In between, Schwabenitzky also staged outside the field of comedy, shooting the “Tatort” episode “The Power of Fate” in regarding 1987. He mostly felt misunderstood by critics, who dismissed his films as “light comedies”. In fact, social criticism often resonated with Schwabenitzky, the hit movie “Ilona & Kurti” addressed xenophobia, for example, and his thriller “Hannah”, which was also shown in the USA, dealt with the flaring right-wing populism.

From director to novelist

In addition to an increased focus on cinema, Schwabenitzky landed an audience hit in the 90s with another series from Hinterberger’s pen: “Kaisermühlen Blues” was located in the Vienna district of the same name and helped Marianne Mendt and Gerald Pichowetz, among others, to increased attention.
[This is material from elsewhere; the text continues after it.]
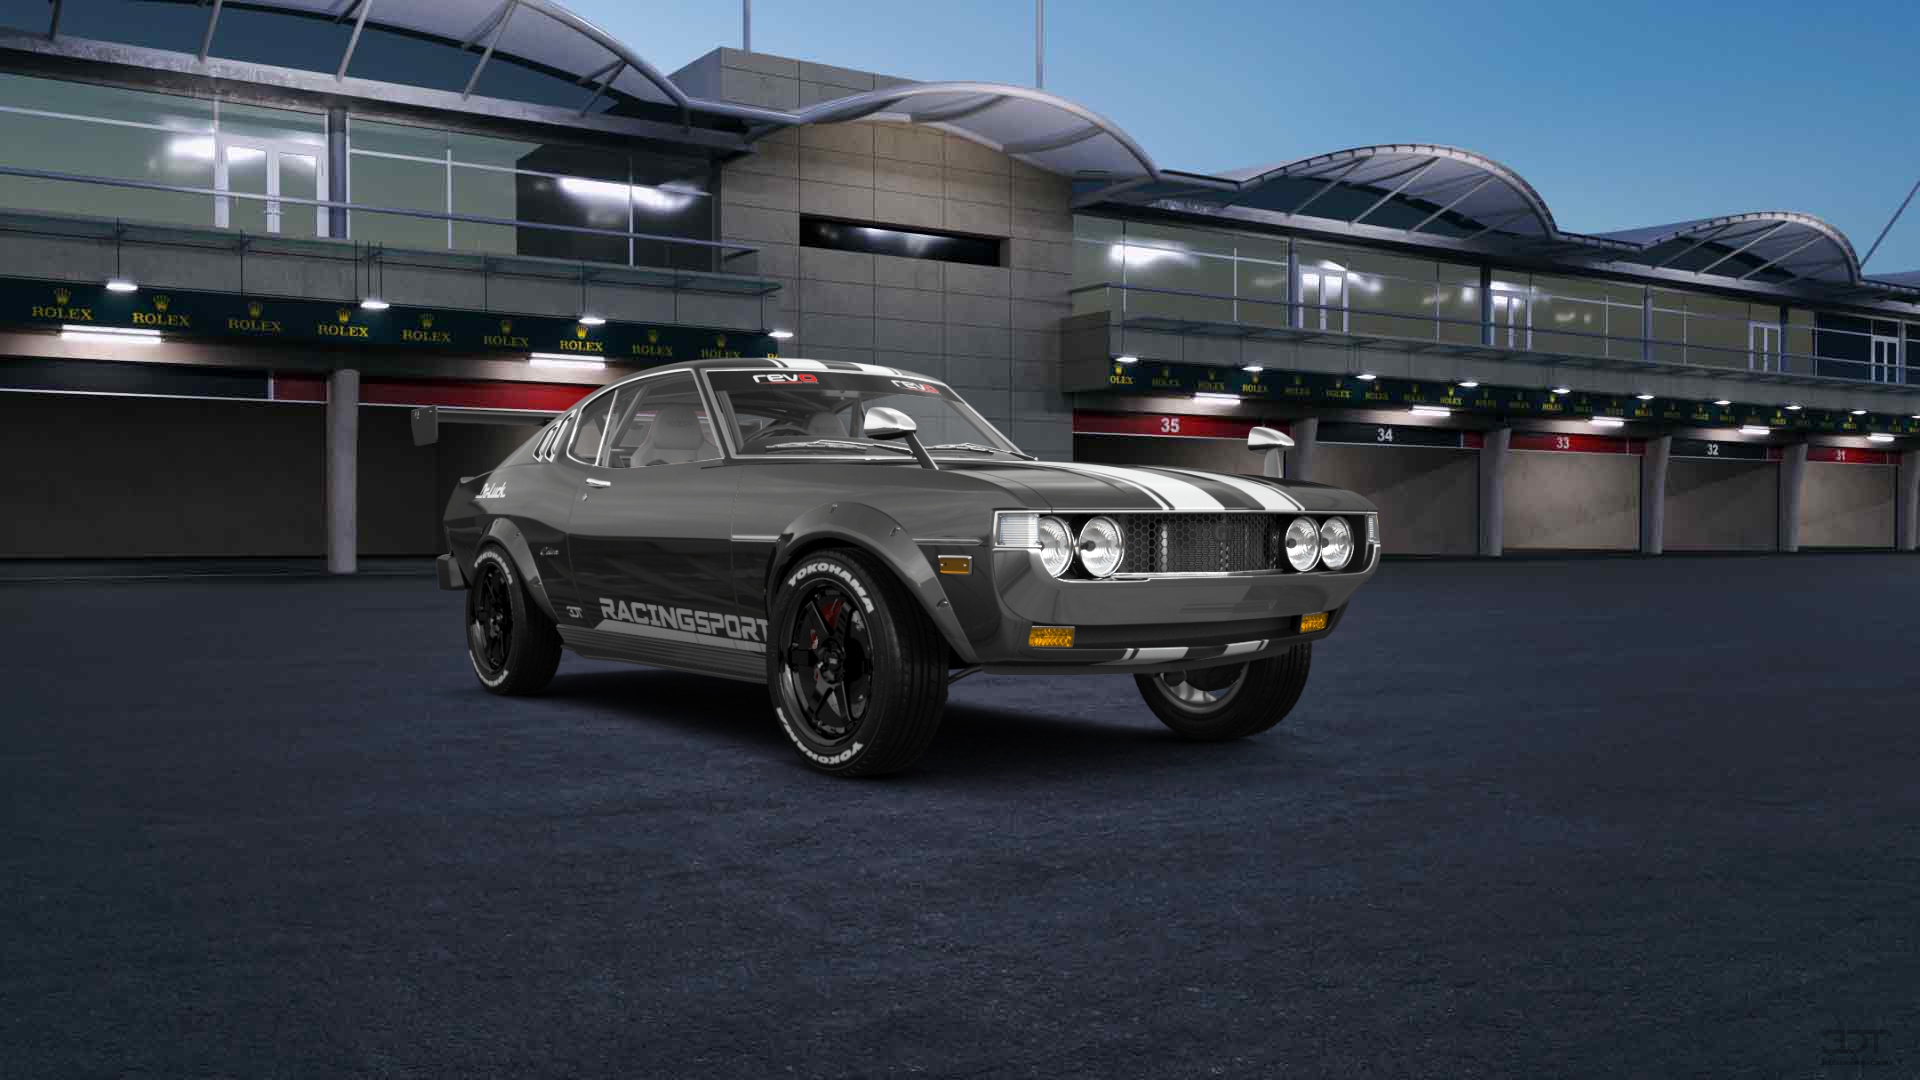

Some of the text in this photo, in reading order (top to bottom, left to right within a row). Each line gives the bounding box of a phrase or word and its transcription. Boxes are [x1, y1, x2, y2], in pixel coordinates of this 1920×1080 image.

Despite his Viennese cult series, Schwabenitzky has never warmed up with the federal capital. He preferred to live with his wife in the Salzburg Flachgau, where he also ran the hotel-restaurant “Itzlinger Hof” and ran the production company Star-Film together with his two sons Markus and Lucas. And he went among the authors. In 2018, the passionate artist published his novel “Silent Night and the Secret of the Magic Flute” (Tyrolia Verlag).

Appreciation

“With the ‘Real Viennese’, the native of Salzburg created a figure that was not inferior in popularity and explosiveness to dear Augustin,” Vienna Mayor Michael Ludwig (SPÖ) responded to Schwabenitzky’s death. The director managed “the balancing act between entertainment and attitude, between criticism and humor. That was probably Schwabenitzky’s recipe for success, and that’s what made his feature films and TV series so timelessly durable”. “The fact that he passed away shortly before his 75th birthday – on which he would certainly have been extensively celebrated and honored – makes me very sad,” said the head of the city. “His work will never perish.”

ORF General Director Roland Weißmann praised Schwabenitzky as a “personality who, among other things, has not only written ORF history with ‘A real Viennese does not go under’ or the ‘Kaisermühlen Blues’, but has also shaped a piece of Austrian contemporary history.” Schwabenitzky always entertained his audience well, but also inspired them to think. “He will not be forgotten by ORF and his audience,” assured ORF Program Director Stefanie Groiss-Horowitz.

“The many works he has left us allow Reinhard Schwabenitzky to live on as part of Austrian film culture even beyond today’s sad day. My thoughts are with his family and friends,“stressed State Secretary for Art and Culture Andrea Mayer (Greens). “Mundl” or “Kaisermühlenblues” – true “street sweepers” are an indispensable part of Austrian filmmaking and enjoy cult status, “rightly and in the best sense of the word”.